What you have to do ▸ Copy exactly, and only, the lines from the one containing "this 1366×1536 image." through the last line of the records below.

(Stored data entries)
====================

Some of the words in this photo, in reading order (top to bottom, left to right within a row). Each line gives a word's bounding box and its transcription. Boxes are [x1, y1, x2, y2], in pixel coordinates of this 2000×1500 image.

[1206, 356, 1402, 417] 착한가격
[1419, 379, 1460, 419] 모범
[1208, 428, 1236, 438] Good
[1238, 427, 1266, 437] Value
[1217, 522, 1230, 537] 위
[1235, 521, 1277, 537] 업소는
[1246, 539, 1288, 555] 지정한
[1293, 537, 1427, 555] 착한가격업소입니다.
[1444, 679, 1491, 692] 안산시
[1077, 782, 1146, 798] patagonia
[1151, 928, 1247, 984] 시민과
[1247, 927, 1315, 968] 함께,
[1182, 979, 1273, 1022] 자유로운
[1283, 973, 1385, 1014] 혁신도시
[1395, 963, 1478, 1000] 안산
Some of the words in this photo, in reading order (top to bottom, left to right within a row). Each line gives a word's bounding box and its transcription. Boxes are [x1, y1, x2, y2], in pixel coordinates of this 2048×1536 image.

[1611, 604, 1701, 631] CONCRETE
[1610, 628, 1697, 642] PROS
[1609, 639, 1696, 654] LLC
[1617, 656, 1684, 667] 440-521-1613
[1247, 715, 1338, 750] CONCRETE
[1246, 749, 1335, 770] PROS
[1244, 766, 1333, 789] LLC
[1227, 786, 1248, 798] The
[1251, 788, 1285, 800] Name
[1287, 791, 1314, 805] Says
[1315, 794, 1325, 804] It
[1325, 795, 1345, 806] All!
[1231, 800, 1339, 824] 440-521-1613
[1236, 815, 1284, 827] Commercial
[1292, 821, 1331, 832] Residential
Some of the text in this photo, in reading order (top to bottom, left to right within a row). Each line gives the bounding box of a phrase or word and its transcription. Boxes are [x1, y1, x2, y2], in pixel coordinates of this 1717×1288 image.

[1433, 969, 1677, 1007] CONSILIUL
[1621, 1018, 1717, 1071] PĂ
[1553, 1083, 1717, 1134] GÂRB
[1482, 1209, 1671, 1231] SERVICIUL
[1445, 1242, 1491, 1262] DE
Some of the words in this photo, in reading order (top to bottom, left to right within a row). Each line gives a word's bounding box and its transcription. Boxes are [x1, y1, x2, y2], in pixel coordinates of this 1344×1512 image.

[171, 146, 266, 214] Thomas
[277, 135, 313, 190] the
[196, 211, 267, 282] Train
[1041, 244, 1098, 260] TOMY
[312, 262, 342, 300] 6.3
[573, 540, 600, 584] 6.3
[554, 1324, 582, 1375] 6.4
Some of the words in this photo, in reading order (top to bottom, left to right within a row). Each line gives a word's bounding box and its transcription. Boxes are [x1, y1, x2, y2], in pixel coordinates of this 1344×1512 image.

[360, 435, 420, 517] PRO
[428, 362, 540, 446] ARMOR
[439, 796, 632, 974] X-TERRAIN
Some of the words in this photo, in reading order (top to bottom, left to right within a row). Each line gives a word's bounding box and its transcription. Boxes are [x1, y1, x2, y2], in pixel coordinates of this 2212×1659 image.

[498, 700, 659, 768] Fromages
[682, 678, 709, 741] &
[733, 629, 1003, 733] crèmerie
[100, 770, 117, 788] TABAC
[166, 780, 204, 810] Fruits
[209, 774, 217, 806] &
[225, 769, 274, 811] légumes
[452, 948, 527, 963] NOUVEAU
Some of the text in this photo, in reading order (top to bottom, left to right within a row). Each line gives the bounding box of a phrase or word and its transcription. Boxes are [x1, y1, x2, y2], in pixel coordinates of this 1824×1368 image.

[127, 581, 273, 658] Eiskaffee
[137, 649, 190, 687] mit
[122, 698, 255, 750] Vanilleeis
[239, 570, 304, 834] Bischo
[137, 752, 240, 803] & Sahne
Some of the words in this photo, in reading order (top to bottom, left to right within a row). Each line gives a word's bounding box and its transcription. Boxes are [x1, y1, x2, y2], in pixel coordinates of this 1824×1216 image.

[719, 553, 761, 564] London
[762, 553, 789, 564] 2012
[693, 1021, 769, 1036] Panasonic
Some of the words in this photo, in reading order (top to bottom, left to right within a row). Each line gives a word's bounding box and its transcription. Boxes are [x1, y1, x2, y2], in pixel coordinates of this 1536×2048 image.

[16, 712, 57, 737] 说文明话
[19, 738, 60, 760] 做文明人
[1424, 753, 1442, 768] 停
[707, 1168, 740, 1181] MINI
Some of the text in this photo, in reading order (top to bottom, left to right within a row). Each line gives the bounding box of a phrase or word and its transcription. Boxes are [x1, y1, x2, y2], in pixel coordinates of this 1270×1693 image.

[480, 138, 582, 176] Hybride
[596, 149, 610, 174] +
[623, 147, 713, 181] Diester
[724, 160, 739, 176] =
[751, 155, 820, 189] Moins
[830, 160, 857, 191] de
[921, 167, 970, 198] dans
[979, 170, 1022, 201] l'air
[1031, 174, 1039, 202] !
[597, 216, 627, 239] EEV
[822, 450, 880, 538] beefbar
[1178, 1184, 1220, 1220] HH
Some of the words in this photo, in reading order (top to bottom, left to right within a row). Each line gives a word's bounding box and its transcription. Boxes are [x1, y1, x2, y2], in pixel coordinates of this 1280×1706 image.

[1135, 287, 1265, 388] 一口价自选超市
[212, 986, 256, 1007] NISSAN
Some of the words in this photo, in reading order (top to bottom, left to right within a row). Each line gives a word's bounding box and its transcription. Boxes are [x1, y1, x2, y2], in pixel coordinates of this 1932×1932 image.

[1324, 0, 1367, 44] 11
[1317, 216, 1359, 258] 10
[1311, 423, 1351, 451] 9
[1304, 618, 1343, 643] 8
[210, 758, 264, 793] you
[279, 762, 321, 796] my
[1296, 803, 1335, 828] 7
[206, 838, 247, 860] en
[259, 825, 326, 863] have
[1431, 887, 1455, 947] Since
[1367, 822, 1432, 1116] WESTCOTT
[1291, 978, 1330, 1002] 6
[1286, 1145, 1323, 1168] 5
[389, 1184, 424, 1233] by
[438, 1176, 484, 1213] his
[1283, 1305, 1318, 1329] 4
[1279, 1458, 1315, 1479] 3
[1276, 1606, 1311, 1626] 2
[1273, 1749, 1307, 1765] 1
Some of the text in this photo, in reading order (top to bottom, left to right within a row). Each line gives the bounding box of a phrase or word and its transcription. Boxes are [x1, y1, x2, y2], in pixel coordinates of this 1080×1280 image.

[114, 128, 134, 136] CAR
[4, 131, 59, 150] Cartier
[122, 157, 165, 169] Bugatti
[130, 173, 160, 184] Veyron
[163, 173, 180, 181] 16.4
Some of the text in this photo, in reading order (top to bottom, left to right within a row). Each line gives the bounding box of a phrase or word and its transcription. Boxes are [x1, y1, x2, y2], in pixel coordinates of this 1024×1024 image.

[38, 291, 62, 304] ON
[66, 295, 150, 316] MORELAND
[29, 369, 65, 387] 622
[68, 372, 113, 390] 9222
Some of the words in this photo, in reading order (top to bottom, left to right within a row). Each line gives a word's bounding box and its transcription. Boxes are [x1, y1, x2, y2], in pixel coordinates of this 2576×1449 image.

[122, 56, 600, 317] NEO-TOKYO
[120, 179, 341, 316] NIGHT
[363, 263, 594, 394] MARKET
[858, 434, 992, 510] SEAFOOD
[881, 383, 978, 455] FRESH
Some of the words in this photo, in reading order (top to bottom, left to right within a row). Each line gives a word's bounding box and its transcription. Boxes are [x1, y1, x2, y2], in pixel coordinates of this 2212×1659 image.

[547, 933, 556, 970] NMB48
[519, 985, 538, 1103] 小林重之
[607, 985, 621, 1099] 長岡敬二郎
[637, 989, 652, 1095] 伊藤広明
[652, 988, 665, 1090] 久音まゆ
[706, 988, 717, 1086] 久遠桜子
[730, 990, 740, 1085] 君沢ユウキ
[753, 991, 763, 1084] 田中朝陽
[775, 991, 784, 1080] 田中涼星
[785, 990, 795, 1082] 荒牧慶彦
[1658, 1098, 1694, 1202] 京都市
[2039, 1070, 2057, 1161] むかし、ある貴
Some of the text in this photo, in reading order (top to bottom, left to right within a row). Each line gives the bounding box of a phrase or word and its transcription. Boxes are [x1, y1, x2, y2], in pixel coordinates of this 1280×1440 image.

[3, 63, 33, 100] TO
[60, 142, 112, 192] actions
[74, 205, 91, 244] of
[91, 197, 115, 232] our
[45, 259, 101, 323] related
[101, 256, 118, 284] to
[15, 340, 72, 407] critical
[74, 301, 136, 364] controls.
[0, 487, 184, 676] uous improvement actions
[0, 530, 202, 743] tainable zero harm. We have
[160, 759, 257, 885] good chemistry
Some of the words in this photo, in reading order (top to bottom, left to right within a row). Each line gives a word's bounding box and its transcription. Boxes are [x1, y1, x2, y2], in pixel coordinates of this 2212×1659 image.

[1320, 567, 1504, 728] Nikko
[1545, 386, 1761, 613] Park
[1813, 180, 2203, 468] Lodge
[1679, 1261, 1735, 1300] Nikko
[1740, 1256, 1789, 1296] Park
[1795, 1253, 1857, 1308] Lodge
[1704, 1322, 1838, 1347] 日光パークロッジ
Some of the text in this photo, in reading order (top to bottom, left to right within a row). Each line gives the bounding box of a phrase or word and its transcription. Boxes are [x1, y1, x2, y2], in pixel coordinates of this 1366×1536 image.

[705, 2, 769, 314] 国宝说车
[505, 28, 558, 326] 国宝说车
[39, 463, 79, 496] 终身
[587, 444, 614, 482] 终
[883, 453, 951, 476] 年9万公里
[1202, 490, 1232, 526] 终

====================

Answer to this problem ▸
Some of the text in this photo, in reading order (top to bottom, left to right within a row). Each line gives the bounding box of a phrase or word and its transcription. Boxes are [x1, y1, x2, y2], in pixel coordinates of this 1366×1536 image.

[705, 2, 769, 314] 国宝说车
[505, 28, 558, 326] 国宝说车
[39, 463, 79, 496] 终身
[587, 444, 614, 482] 终
[883, 453, 951, 476] 年9万公里
[1202, 490, 1232, 526] 终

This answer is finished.